Lunedì si è tenuto all’Università Bocconi il workshop ”Il genere nella finanza: quali sfide?“, organizzato dalla stessa Università insieme ad Axa, durante il quale si sono discussi i risultati e i possibili scenari generati dalla legge Golfo-Mosca e, più in generale, il ruolo centrale che le donne possono svolgere nella ripresa economica. Durante l’evento è stato presentato il rapporto Axa-Episteme, che ha mostrato non solo l’evoluzione del rapporto che le donne hanno con il denaro all’interno del nucleo familiare ma anche l’interesse sempre crescente del genere femminile per la finanza, campo in cui le donne sono sempre più protagonisti attivi.

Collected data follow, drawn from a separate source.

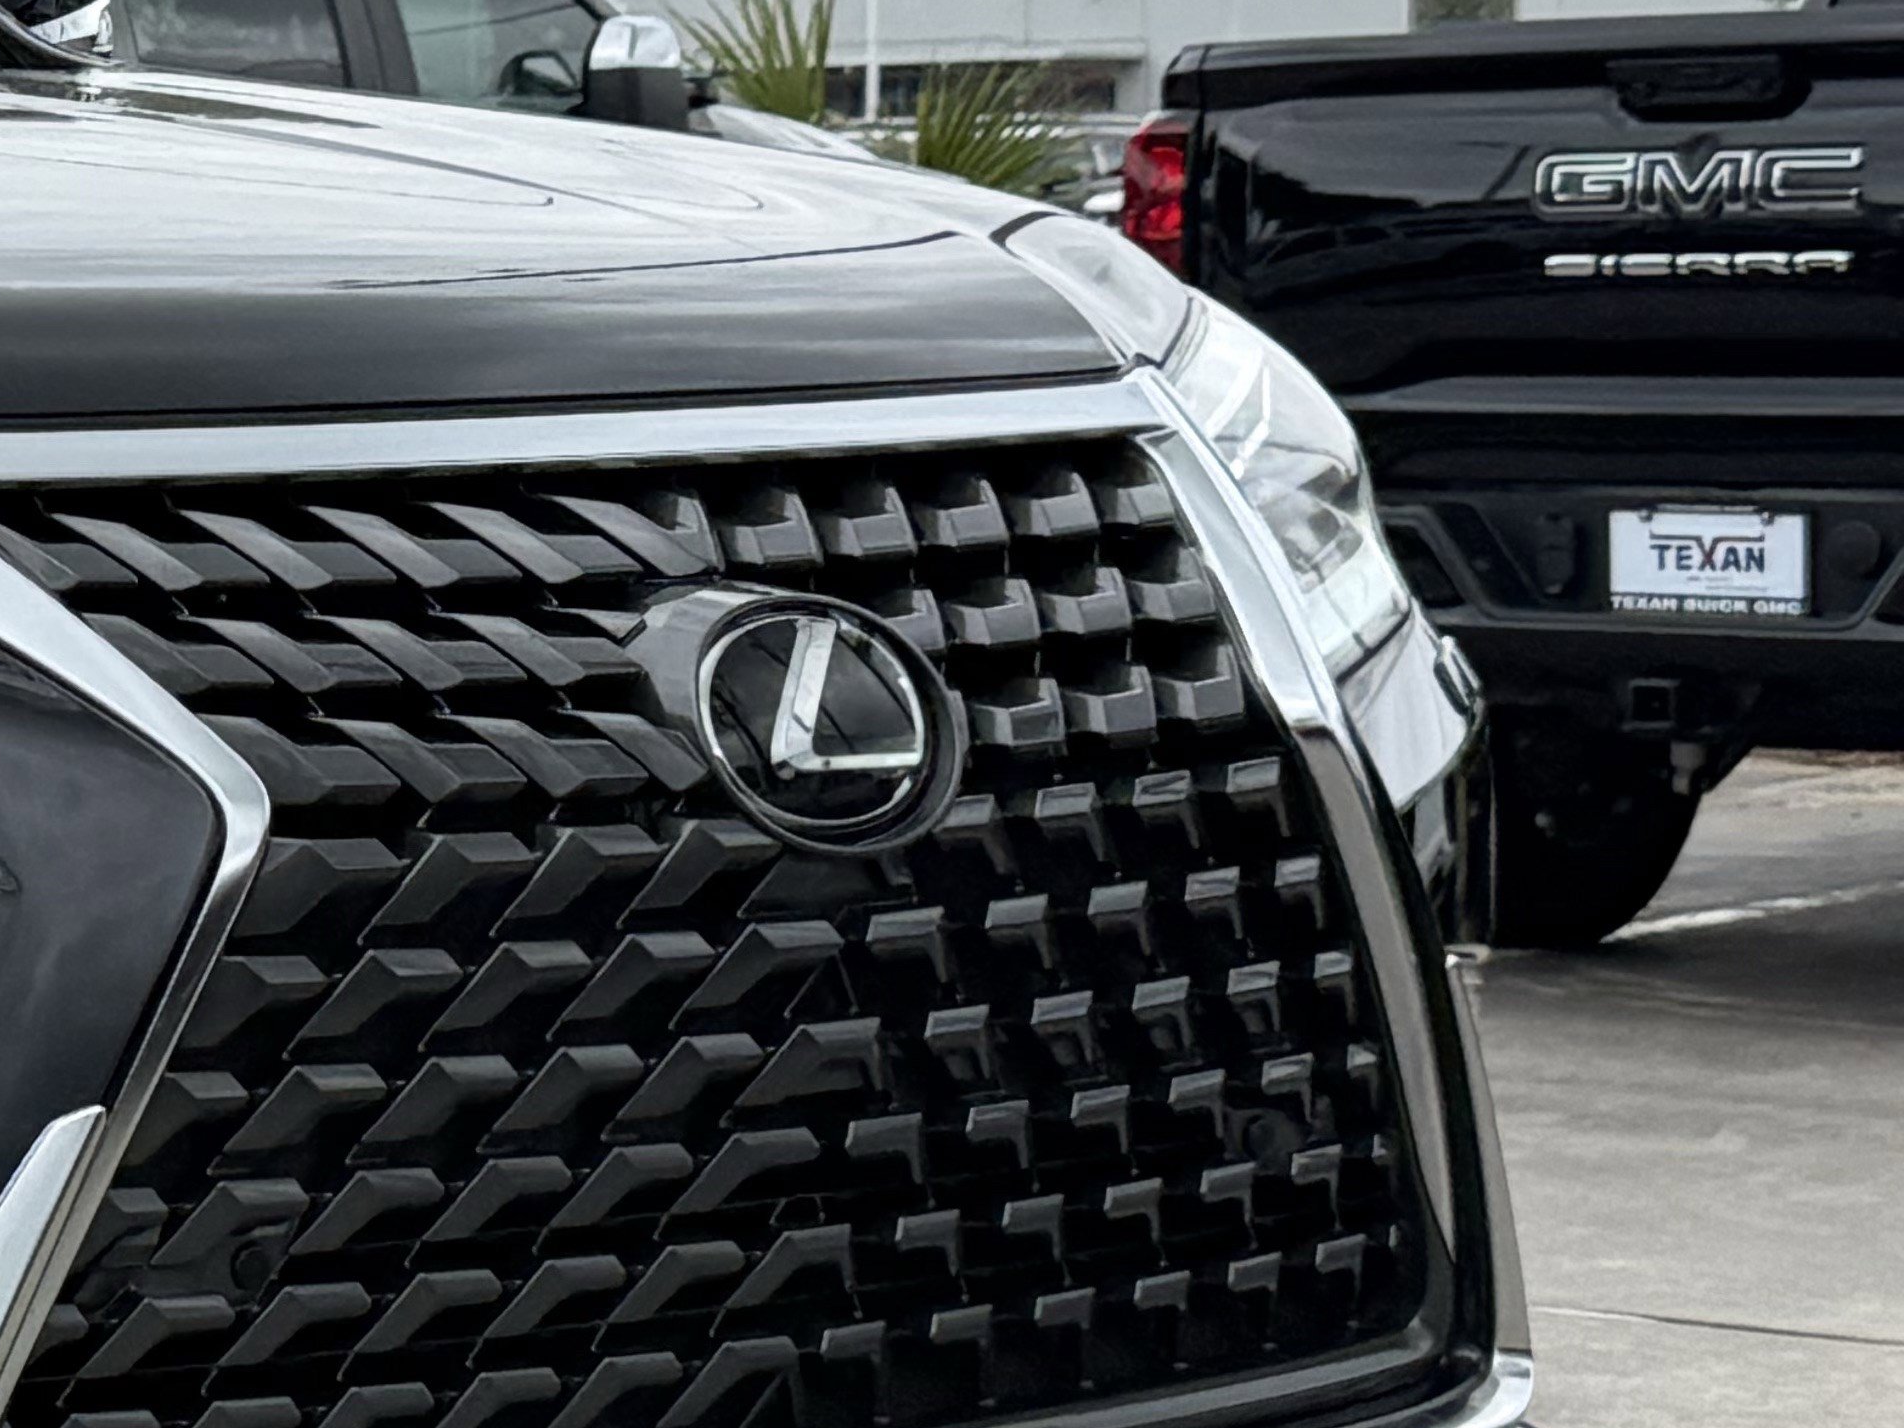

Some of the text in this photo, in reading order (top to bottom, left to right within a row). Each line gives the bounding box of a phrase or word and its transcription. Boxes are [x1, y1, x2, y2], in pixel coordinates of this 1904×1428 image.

[1535, 146, 1864, 215] GMC
[1649, 532, 1766, 574] TEXAN
[1610, 595, 1678, 612] TEXAN
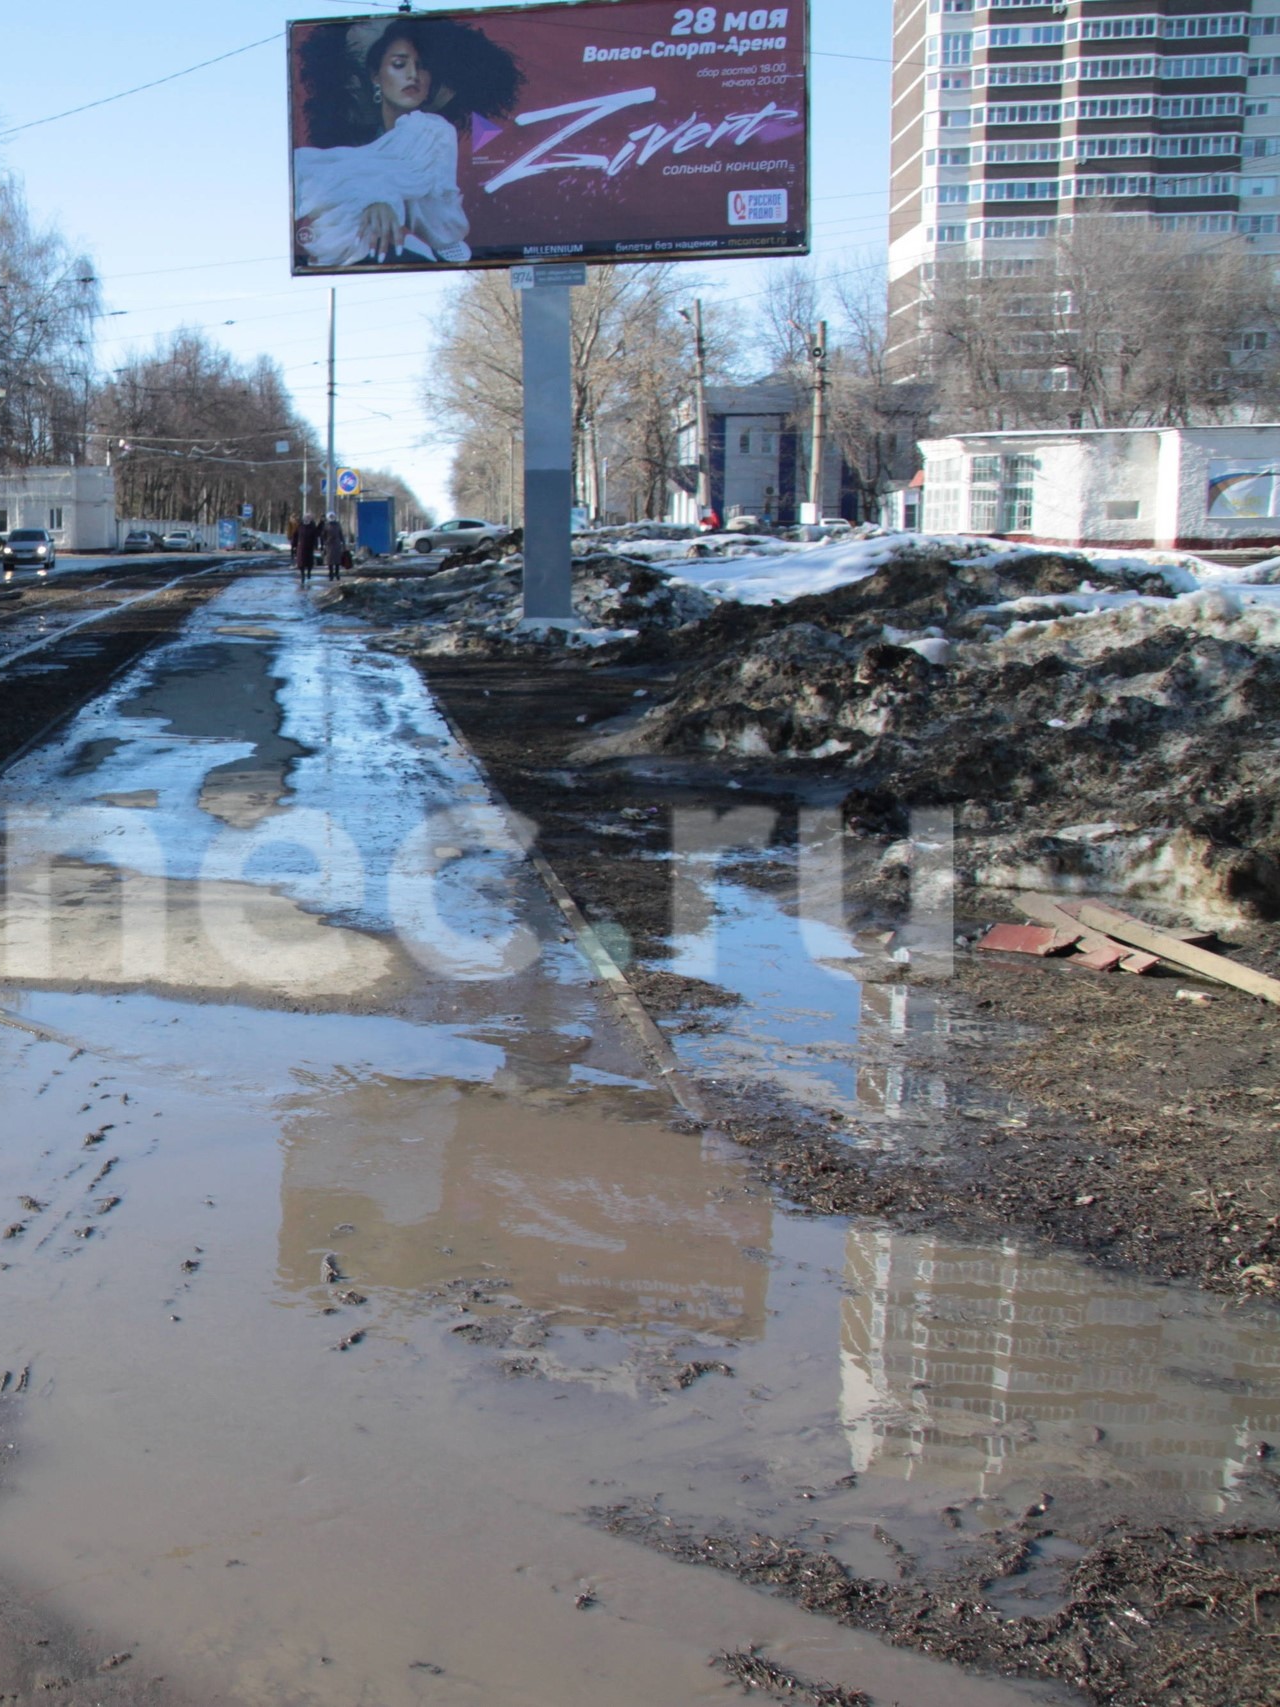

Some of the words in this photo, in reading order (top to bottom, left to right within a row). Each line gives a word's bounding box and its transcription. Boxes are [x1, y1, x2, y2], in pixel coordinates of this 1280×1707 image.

[670, 7, 717, 36] 28
[723, 8, 789, 32] мая
[582, 36, 787, 62] Волга-Спорт-Арена
[696, 67, 719, 79] сбор
[483, 87, 798, 194] Zivert
[663, 161, 722, 175] сольный
[725, 159, 789, 174] концерт
[748, 193, 782, 206] РУССКОЕ
[523, 244, 583, 255] MILLENNIUM
[615, 240, 652, 252] билеты
[655, 240, 673, 250] без
[675, 238, 718, 249] наценки

Tra i tanti ospiti presenti al dibattito, Lucrezia Reichlin (London School of Economics, Unicredit) e Tommaso Arenare (Egon Zehnder), in particolare, hanno sottolineato un elemento che trovo fondamentale: questa legge non aiuta solo le tante donne capaci a conquistare un posto che era stato loro precluso per motivi non legati alla loro preparazione, ma aiuta tutto l’intero sistema. Si tratta, infatti, di un’occasione unica per imporre la trasparenza nella selezione dei componenti dei consigli di amministrazione, riconsegnando finalmente al merito un posto di assoluto primo piano. 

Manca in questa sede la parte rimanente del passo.